>>

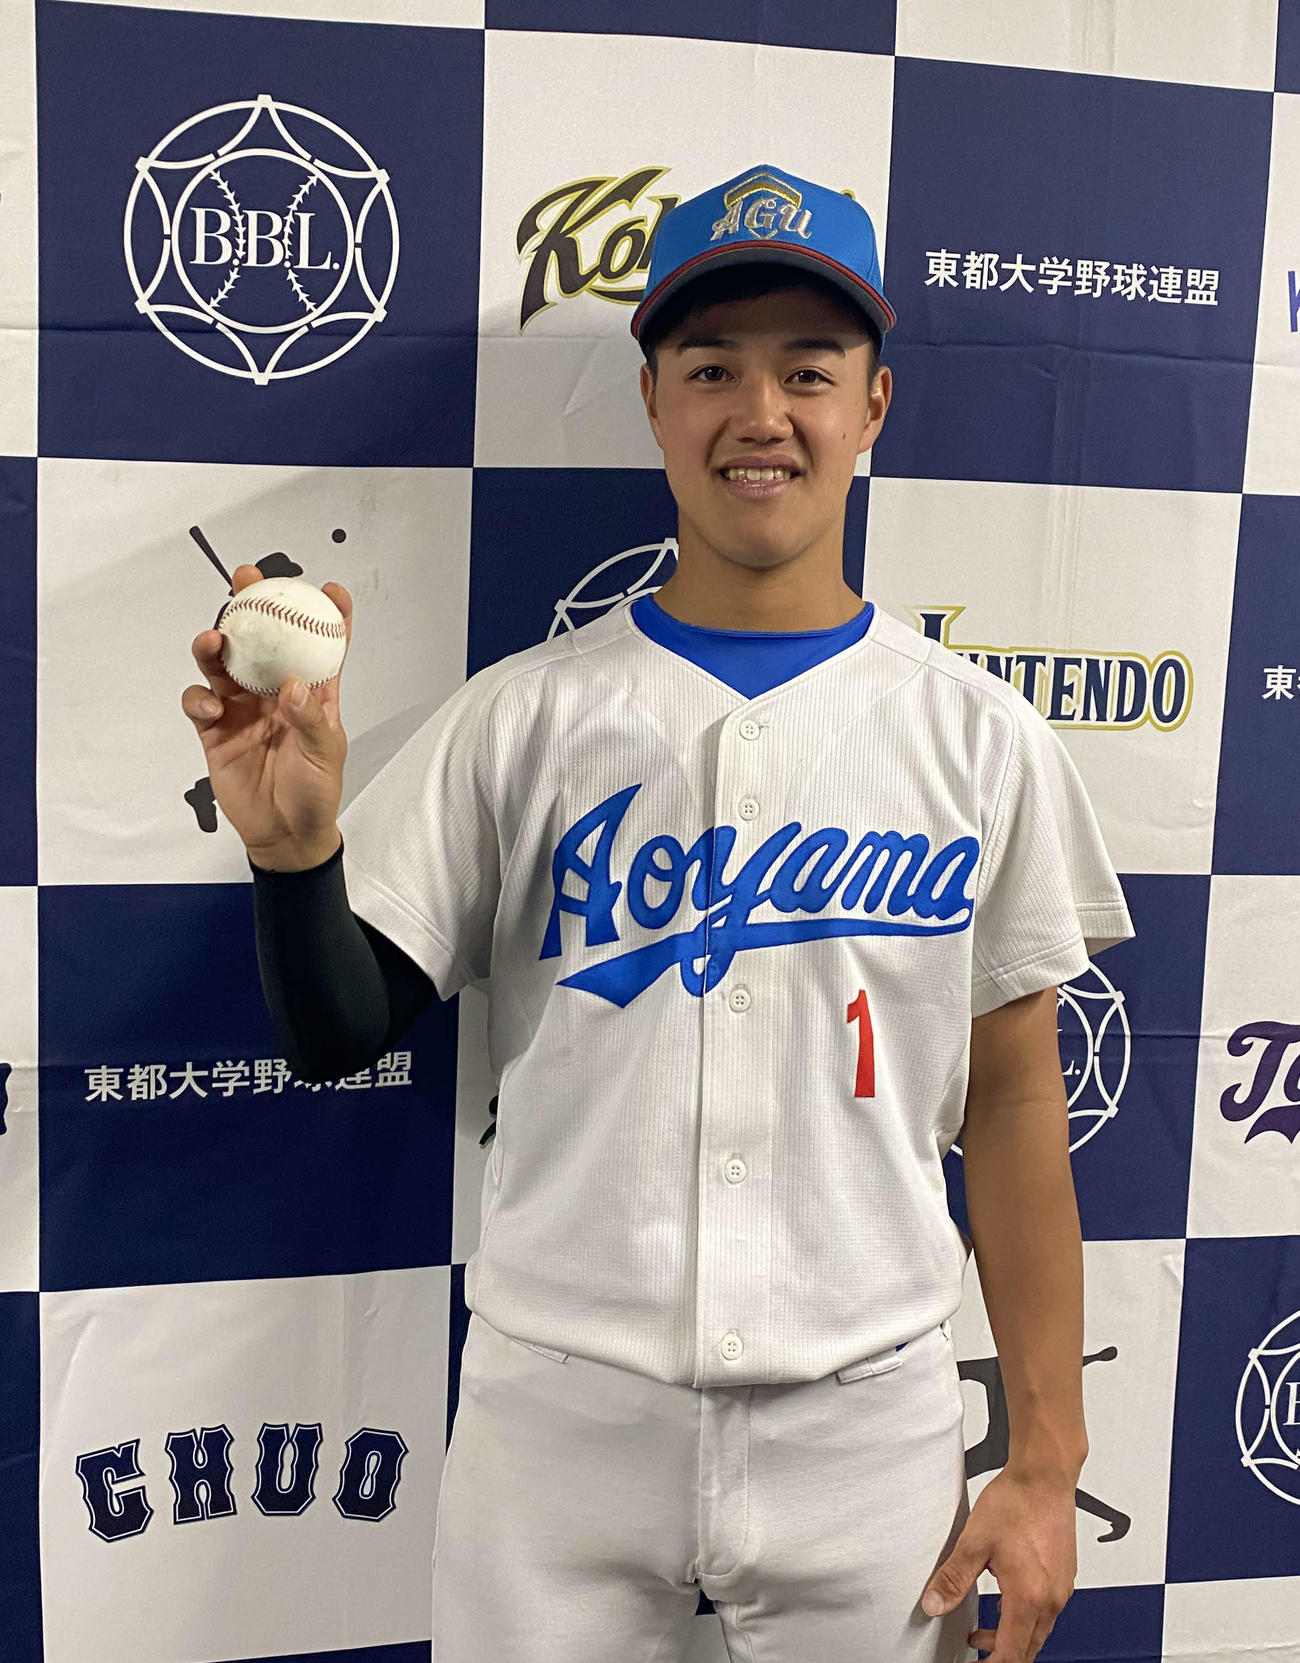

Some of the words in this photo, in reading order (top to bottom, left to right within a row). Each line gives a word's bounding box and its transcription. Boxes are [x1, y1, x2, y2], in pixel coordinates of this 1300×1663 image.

[710, 198, 813, 241] AGU
[924, 248, 1220, 306] 東都大学野球連盟
[539, 783, 980, 1000] Aoyama
[846, 988, 876, 1098] 1
[76, 1422, 409, 1544] CHUO

<<

▶ _WHAT TO PRODUCE_
Without including any picture, write out the material above verbatim.

▶ _RESULT FOR THIS TASK_
Some of the words in this photo, in reading order (top to bottom, left to right within a row). Each line gives a word's bounding box and its transcription. Boxes are [x1, y1, x2, y2], in pixel coordinates of this 1300×1663 image.

[710, 198, 813, 241] AGU
[924, 248, 1220, 306] 東都大学野球連盟
[539, 783, 980, 1000] Aoyama
[846, 988, 876, 1098] 1
[76, 1422, 409, 1544] CHUO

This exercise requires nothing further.